Pourtant, ce monde qui n'existe plus, ne cesse de la hanter. Elle est allée au-delà de ses origines. Elle pense expier la trahison envers l'enfant qu'elle était en écrivant.
Comment vivre avec cette trahison ? Elle le peut car elle est allée au bout de ce qu'elle était. De ce qu'elle ne pouvait pas être, plus encore que ce qu'elle ne voulait pas être. Pour autant, elle n'a pas oublié la moindre parcelle de souvenirs.
Parce qu'il y avait, dans chaque geste, chaque mot, une économie qui ôtait le superflu (jamais le superficiel : ce mot n'aurait jamais pu s'appliquer à son père) et qui lui a permis de photographier, mentalement, et d'une manière plus aiguisée, encore, ces images, dont elle a nourri ses écrits. Elle pose la question du souvenir. De la vie.
Pour écrire quelque chose qui ait du corps, de la consistance, il faut avoir fait place nette. S'être épurée du vernis que la société, les préjugés, les traces de l'éducation, les ressentis laissent sur nous. C'est ce tour de force qu'elle a réussi avec ce livre. Être en osmose avec sa mémoire, ses souvenirs pour évoquer la figure du père. Lui rendre un noble hommage. Elle a voulu utiliser une écriture factuelle pour rester dans le vrai. Dépeindre le monde des dominés. Jamais un mot ou une émotion de trop. Elle ne tombe jamais dans le misérabilisme.
Dans ce récit, elle est l'adulte qui demeure fidèle à l'enfant qu'elle fut. Ses mots ne heurtent pas, ne sont pas dits plus haut les uns que les autres. L'oralité des scènes se glisse dans l'écrit d'une façon magistrale.
Comme je serais honorée, si elle acceptait de converser avec moi! Comme elle, j'ai eu, à mon adolescence, honte de mon milieu social. De la soupe sans sel, du ‘qu'en dira-t-on', des phrases toutes faites ("on ne peut pas aller plus loin"), d'actions que je jugeais ridicules.
Annie ERNAUX m'a montré que l'ascension sociale résidait, au contraire, dans la répétition de ces petites choses. Se raser, pour aller faire des courses, a été un acte social chez mon père. Pour se distinguer du ‘petit paysan' qu'il aurait pu demeurer, s'il n'avait pu suivre les cours de l'École Normale. La lecture de ‘ la place' a néanmoins mis en lumière un élément-phare de mon identité: l'amour de mes parents et la place que cet amour a occupé dans ma vie. En cela c'est une lecture salvatrice.

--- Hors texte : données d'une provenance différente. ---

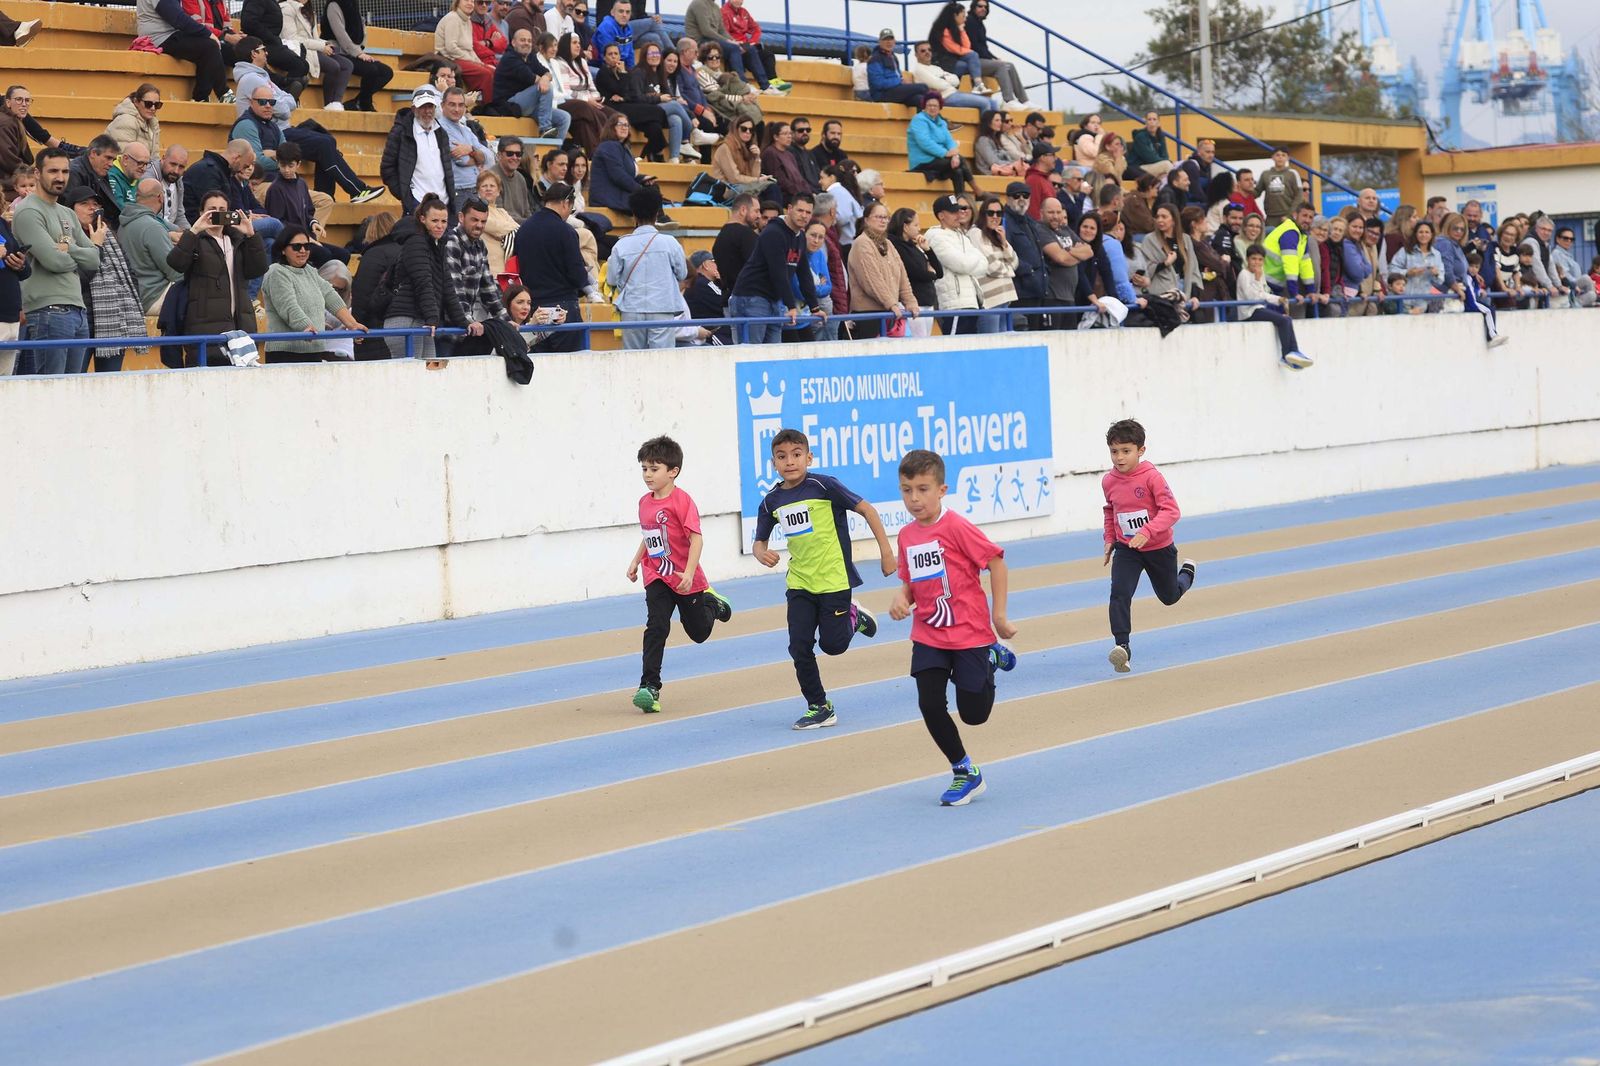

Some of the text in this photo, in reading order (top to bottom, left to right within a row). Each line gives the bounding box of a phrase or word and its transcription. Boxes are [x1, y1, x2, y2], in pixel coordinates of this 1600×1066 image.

Là, s'arrête la comparaison. Car si l'on scrute le processus de création, un fossé se creuse. Énorme, béant.
Le détachement d'Annie ERNAUX n'a pas été le mien. Elle a basculé vers un milieu plus bourgeois, rompant avec des mots de l'enfance. Je n'ai pas évolué de la même manière, même si je suis ‘montée‘ à Paris. Elle est devenue une personne réellement indépendante, ce dont je me targue d'être, mais que je ne suis pas, de facto. Je ne pense pas avoir cette force. Et là, réside toute la différence. Elle a su s' affranchir de toute contingence. De toute peur. Elle peut écrire comme elle veut. Être totalement libre.
Moi, je dois composer. L'écriture libérée, qui ose, je la diffuse aux inconnus, sur un blog. Sur un site d'auteure, dont je n'ai pas donné les clés à la famille. Mon anonymat parisien me protège de leurs remarques acides, de leur pudibonderie. L'autre, celle qui peut être lue d'eux, je la cantonne, la restreins, volontairement.
Alors, qui est la plus grande traître ? Elle ou moi ?
Se poser la question est une façon d'y répondre
· Il y a plus de 8 ans ·menestrel75
Ah, c'est un commentaire intéressant, énigmatique, comme j'aime ! Il faut continuer de creuser, en gros, c'est ça que vous me dites...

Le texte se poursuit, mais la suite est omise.